- Required work -
Below are the records; print them all without any alteration.

- Material provided -
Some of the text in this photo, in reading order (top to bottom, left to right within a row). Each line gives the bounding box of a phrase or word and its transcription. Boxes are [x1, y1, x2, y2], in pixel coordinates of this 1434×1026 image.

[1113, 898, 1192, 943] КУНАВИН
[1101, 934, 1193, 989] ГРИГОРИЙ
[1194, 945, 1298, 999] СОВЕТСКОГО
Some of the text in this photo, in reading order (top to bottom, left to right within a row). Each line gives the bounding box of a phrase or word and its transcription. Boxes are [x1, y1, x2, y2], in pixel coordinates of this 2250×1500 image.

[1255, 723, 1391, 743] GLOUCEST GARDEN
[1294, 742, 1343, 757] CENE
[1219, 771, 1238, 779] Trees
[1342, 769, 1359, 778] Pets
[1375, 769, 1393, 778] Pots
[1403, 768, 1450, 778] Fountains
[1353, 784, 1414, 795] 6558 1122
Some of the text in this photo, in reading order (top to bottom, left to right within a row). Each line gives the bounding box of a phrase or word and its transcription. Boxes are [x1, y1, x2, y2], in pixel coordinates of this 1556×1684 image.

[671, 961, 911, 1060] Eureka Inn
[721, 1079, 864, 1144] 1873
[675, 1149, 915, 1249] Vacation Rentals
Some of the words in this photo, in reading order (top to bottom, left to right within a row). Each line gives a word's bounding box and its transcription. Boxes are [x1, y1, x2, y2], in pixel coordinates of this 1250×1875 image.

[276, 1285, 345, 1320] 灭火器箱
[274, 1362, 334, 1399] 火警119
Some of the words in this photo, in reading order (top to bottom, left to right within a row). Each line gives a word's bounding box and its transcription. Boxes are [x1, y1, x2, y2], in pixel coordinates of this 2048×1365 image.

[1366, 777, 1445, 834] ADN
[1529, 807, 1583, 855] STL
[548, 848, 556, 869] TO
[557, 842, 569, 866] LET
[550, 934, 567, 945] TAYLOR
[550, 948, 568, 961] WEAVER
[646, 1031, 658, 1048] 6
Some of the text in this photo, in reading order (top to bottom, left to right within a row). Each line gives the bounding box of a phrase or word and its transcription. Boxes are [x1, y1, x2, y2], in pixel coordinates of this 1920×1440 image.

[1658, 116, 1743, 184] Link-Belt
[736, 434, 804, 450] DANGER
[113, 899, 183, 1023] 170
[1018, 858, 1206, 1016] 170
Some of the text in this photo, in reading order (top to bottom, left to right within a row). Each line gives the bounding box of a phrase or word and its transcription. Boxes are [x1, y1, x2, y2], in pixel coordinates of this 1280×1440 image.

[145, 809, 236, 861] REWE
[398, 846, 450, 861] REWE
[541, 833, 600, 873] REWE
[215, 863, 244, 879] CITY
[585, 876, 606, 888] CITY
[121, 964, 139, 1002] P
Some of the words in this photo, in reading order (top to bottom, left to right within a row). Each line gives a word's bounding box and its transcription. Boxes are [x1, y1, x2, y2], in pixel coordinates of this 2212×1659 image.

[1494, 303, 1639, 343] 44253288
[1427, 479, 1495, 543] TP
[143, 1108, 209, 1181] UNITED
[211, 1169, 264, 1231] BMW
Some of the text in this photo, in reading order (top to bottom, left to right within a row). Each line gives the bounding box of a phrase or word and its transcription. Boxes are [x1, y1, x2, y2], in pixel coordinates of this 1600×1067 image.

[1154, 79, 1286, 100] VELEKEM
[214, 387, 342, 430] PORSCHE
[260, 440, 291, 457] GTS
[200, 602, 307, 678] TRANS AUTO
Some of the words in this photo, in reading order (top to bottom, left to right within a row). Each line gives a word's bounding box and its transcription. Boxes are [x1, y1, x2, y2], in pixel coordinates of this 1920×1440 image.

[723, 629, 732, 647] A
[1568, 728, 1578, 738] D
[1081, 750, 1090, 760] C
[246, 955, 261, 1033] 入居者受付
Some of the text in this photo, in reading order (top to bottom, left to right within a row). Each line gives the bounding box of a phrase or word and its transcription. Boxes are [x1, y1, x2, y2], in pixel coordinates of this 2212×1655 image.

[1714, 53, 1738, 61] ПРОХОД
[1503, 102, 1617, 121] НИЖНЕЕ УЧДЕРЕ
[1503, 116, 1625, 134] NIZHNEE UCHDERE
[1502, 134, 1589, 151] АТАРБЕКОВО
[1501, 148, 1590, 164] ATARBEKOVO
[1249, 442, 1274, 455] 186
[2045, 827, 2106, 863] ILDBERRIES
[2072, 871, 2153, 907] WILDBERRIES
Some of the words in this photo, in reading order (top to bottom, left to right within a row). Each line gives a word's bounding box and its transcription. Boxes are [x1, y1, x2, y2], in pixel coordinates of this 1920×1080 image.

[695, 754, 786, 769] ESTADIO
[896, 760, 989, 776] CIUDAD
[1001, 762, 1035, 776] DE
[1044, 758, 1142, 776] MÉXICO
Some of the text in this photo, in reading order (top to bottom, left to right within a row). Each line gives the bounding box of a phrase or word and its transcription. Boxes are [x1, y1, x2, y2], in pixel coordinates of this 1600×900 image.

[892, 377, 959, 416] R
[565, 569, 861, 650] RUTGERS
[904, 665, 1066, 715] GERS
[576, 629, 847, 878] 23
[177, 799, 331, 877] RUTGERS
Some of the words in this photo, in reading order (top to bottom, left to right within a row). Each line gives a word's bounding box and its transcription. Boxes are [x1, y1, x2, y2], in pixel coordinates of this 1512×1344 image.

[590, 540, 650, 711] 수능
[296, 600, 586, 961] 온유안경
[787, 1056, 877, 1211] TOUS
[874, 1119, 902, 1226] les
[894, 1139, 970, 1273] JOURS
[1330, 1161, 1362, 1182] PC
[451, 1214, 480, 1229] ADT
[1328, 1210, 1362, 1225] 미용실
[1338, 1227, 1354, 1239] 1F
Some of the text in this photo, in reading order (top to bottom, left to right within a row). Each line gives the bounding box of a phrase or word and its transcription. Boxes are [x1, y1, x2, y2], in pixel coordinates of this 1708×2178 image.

- Answer to this exercise -
Some of the text in this photo, in reading order (top to bottom, left to right within a row). Each line gives the bounding box of a phrase or word and its transcription. Boxes are [x1, y1, x2, y2], in pixel coordinates of this 1434×1026 image.

[1113, 898, 1192, 943] КУНАВИН
[1101, 934, 1193, 989] ГРИГОРИЙ
[1194, 945, 1298, 999] СОВЕТСКОГО
Some of the text in this photo, in reading order (top to bottom, left to right within a row). Each line gives the bounding box of a phrase or word and its transcription. Boxes are [x1, y1, x2, y2], in pixel coordinates of this 2250×1500 image.

[1255, 723, 1391, 743] GLOUCEST GARDEN
[1294, 742, 1343, 757] CENE
[1219, 771, 1238, 779] Trees
[1342, 769, 1359, 778] Pets
[1375, 769, 1393, 778] Pots
[1403, 768, 1450, 778] Fountains
[1353, 784, 1414, 795] 6558 1122
Some of the text in this photo, in reading order (top to bottom, left to right within a row). Each line gives the bounding box of a phrase or word and its transcription. Boxes are [x1, y1, x2, y2], in pixel coordinates of this 1556×1684 image.

[671, 961, 911, 1060] Eureka Inn
[721, 1079, 864, 1144] 1873
[675, 1149, 915, 1249] Vacation Rentals
Some of the words in this photo, in reading order (top to bottom, left to right within a row). Each line gives a word's bounding box and its transcription. Boxes are [x1, y1, x2, y2], in pixel coordinates of this 1250×1875 image.

[276, 1285, 345, 1320] 灭火器箱
[274, 1362, 334, 1399] 火警119
Some of the words in this photo, in reading order (top to bottom, left to right within a row). Each line gives a word's bounding box and its transcription. Boxes are [x1, y1, x2, y2], in pixel coordinates of this 2048×1365 image.

[1366, 777, 1445, 834] ADN
[1529, 807, 1583, 855] STL
[548, 848, 556, 869] TO
[557, 842, 569, 866] LET
[550, 934, 567, 945] TAYLOR
[550, 948, 568, 961] WEAVER
[646, 1031, 658, 1048] 6
Some of the text in this photo, in reading order (top to bottom, left to right within a row). Each line gives the bounding box of a phrase or word and its transcription. Boxes are [x1, y1, x2, y2], in pixel coordinates of this 1920×1440 image.

[1658, 116, 1743, 184] Link-Belt
[736, 434, 804, 450] DANGER
[113, 899, 183, 1023] 170
[1018, 858, 1206, 1016] 170
Some of the text in this photo, in reading order (top to bottom, left to right within a row). Each line gives the bounding box of a phrase or word and its transcription. Boxes are [x1, y1, x2, y2], in pixel coordinates of this 1280×1440 image.

[145, 809, 236, 861] REWE
[398, 846, 450, 861] REWE
[541, 833, 600, 873] REWE
[215, 863, 244, 879] CITY
[585, 876, 606, 888] CITY
[121, 964, 139, 1002] P
Some of the words in this photo, in reading order (top to bottom, left to right within a row). Each line gives a word's bounding box and its transcription. Boxes are [x1, y1, x2, y2], in pixel coordinates of this 2212×1659 image.

[1494, 303, 1639, 343] 44253288
[1427, 479, 1495, 543] TP
[143, 1108, 209, 1181] UNITED
[211, 1169, 264, 1231] BMW
Some of the text in this photo, in reading order (top to bottom, left to right within a row). Each line gives the bounding box of a phrase or word and its transcription. Boxes are [x1, y1, x2, y2], in pixel coordinates of this 1600×1067 image.

[1154, 79, 1286, 100] VELEKEM
[214, 387, 342, 430] PORSCHE
[260, 440, 291, 457] GTS
[200, 602, 307, 678] TRANS AUTO
Some of the words in this photo, in reading order (top to bottom, left to right within a row). Each line gives a word's bounding box and its transcription. Boxes are [x1, y1, x2, y2], in pixel coordinates of this 1920×1440 image.

[723, 629, 732, 647] A
[1568, 728, 1578, 738] D
[1081, 750, 1090, 760] C
[246, 955, 261, 1033] 入居者受付
Some of the text in this photo, in reading order (top to bottom, left to right within a row). Each line gives the bounding box of a phrase or word and its transcription. Boxes are [x1, y1, x2, y2], in pixel coordinates of this 2212×1655 image.

[1714, 53, 1738, 61] ПРОХОД
[1503, 102, 1617, 121] НИЖНЕЕ УЧДЕРЕ
[1503, 116, 1625, 134] NIZHNEE UCHDERE
[1502, 134, 1589, 151] АТАРБЕКОВО
[1501, 148, 1590, 164] ATARBEKOVO
[1249, 442, 1274, 455] 186
[2045, 827, 2106, 863] ILDBERRIES
[2072, 871, 2153, 907] WILDBERRIES
Some of the words in this photo, in reading order (top to bottom, left to right within a row). Each line gives a word's bounding box and its transcription. Boxes are [x1, y1, x2, y2], in pixel coordinates of this 1920×1080 image.

[695, 754, 786, 769] ESTADIO
[896, 760, 989, 776] CIUDAD
[1001, 762, 1035, 776] DE
[1044, 758, 1142, 776] MÉXICO
Some of the text in this photo, in reading order (top to bottom, left to right within a row). Each line gives the bounding box of a phrase or word and its transcription. Boxes are [x1, y1, x2, y2], in pixel coordinates of this 1600×900 image.

[892, 377, 959, 416] R
[565, 569, 861, 650] RUTGERS
[904, 665, 1066, 715] GERS
[576, 629, 847, 878] 23
[177, 799, 331, 877] RUTGERS
Some of the words in this photo, in reading order (top to bottom, left to right within a row). Each line gives a word's bounding box and its transcription. Boxes are [x1, y1, x2, y2], in pixel coordinates of this 1512×1344 image.

[590, 540, 650, 711] 수능
[296, 600, 586, 961] 온유안경
[787, 1056, 877, 1211] TOUS
[874, 1119, 902, 1226] les
[894, 1139, 970, 1273] JOURS
[1330, 1161, 1362, 1182] PC
[451, 1214, 480, 1229] ADT
[1328, 1210, 1362, 1225] 미용실
[1338, 1227, 1354, 1239] 1F
Some of the text in this photo, in reading order (top to bottom, left to right within a row). Each line gives the bounding box of a phrase or word and its transcription. Boxes are [x1, y1, x2, y2], in pixel coordinates of this 1708×2178 image.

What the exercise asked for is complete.